Linux 的檔案系統會區分大小寫。 將 ASPNETCORE_ENVIRONMENT 設定為 Production 會導致搜尋組態檔 appsettings.Production.json,而不是 appsettings.production.json

有些值 (例如 SQL 連接字串) 必須以逸出方式處理,設定提供者才能讀取環境變數。 請使用下列命令來產生要在設定檔中使用並已適當逸出的值:

systemd-escape "<value-to-escape>"

環境變數名稱不支援冒號 (:) 分隔符號。 請使用雙底線 (__) 來取代冒號。 環境變數組態提供者會在將環境變數讀入組態時,將雙底線轉換為冒號。 在下列範例中,連接字串索引鍵 ConnectionStrings:DefaultConnection 會設定為服務定義檔中的 ConnectionStrings__DefaultConnection

Environment=ConnectionStrings__DefaultConnection={Connection String}

儲存檔案並啟用服務。

sudo systemctl enable kestrel-helloapp.service

啟動服務並確認它正在執行。

sudo systemctl start kestrel-helloapp.service
sudo systemctl status kestrel-helloapp.service

◝ kestrel-helloapp.service - Example .NET Web API App running on Ubuntu
    Loaded: loaded (/etc/systemd/system/kestrel-helloapp.service; enabled)
    Active: active (running) since Thu 2016-10-18 04:09:35 NZDT; 35s ago
Main PID: 9021 (dotnet)
    CGroup: /system.slice/kestrel-helloapp.service
            └─9021 /usr/local/bin/dotnet /var/www/helloapp/helloapp.dll

設定好反向 Proxy 並透過 systemd 管理 Kestrel 之後,Web 應用程式便已完全設定妥當,而從本機電腦瀏覽器透過 http://localhost 即可存取它。 此外,也可以從遠端電腦存取它,除非遭到任何防火牆封鎖。 檢查回應標頭時,Server 標頭會顯示是由 Kestrel 為 ASP.NET Core 應用程式提供服務。

HTTP/1.1 200 OK
Date: Tue, 11 Oct 2016 16:22:23 GMT
Server: Kestrel
Keep-Alive: timeout=5, max=98
Connection: Keep-Alive
Transfer-Encoding: chunked

檢視記錄

由於是使用 systemd 來管理使用 Kestrel 的 Web 應用程式,因此會將所有事件和處理序都記錄在集中式日誌中。 不過,此日誌包含 systemd 管理的所有服務和處理程序的所有項目。 若要檢視 kestrel-helloapp.service 的特定項目,請使用下列命令:

sudo journalctl -fu kestrel-helloapp.service

如需進一步篩選,例如 --since today--until 1 hour ago 或這些項目的組合等時間選項,可以減少傳回的項目數目。
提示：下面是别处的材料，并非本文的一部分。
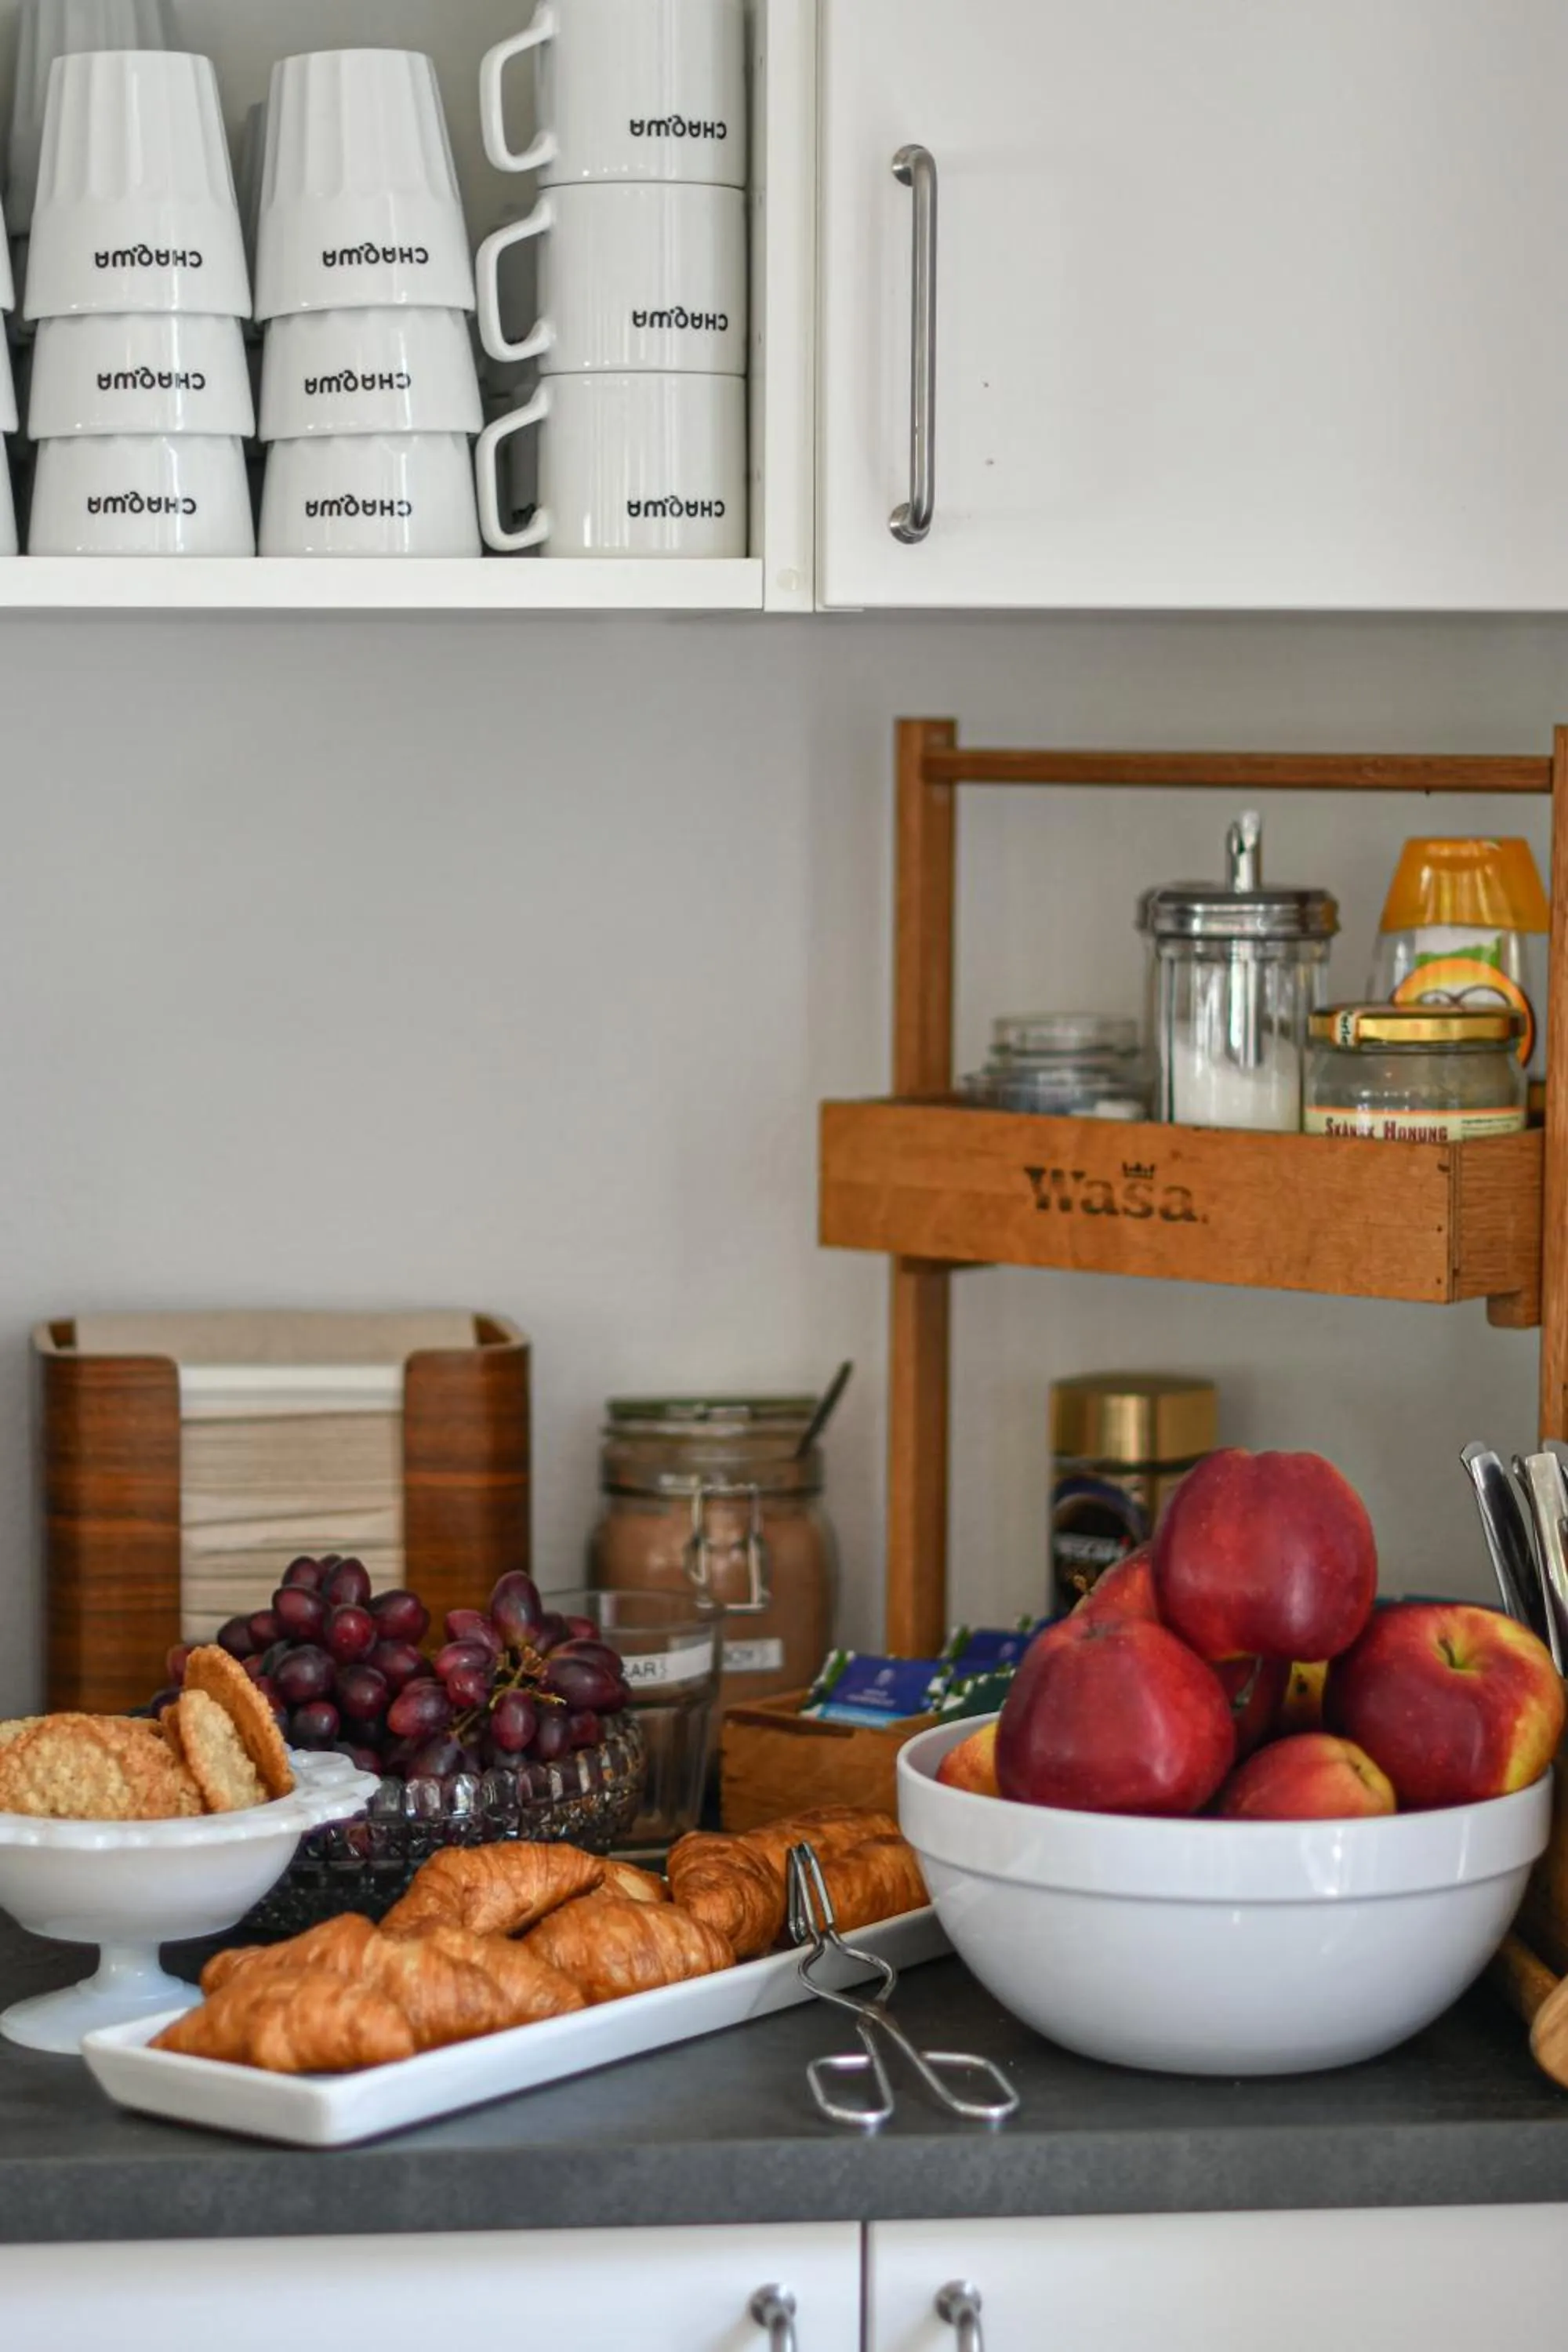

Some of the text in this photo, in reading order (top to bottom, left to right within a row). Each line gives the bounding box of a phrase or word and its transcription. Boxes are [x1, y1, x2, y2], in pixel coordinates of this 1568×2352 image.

[630, 115, 727, 140] CHAQWA
[95, 245, 202, 268] CHAQWA
[323, 243, 428, 267] CHAQWA
[633, 307, 728, 332] CHAQWA
[98, 367, 205, 390] CHAQWA
[305, 370, 411, 394] CHAQWA
[88, 492, 196, 514] CHAQWA
[306, 495, 412, 517] CHAQWA
[627, 495, 725, 517] CHAQWA
[1383, 1120, 1449, 1142] HONUNG
sudo journalctl -fu kestrel-helloapp.service --since "2016-10-18" --until "2016-10-18 04:00"

資料保護

ASP.NET Core 資料保護堆疊由數個 ASP.NET Core 中介軟體使用,包括驗證中介軟體 (例如,cookie 中介軟體) 與跨網站偽造要求 (CSRF) 保護。 即使資料保護 API 並非由使用者程式碼呼叫,仍應設定資料保護,以建立持續密碼編譯金鑰存放區。 如不設定資料保護,金鑰會保留在記憶體中,並於應用程式重新啟動時捨棄。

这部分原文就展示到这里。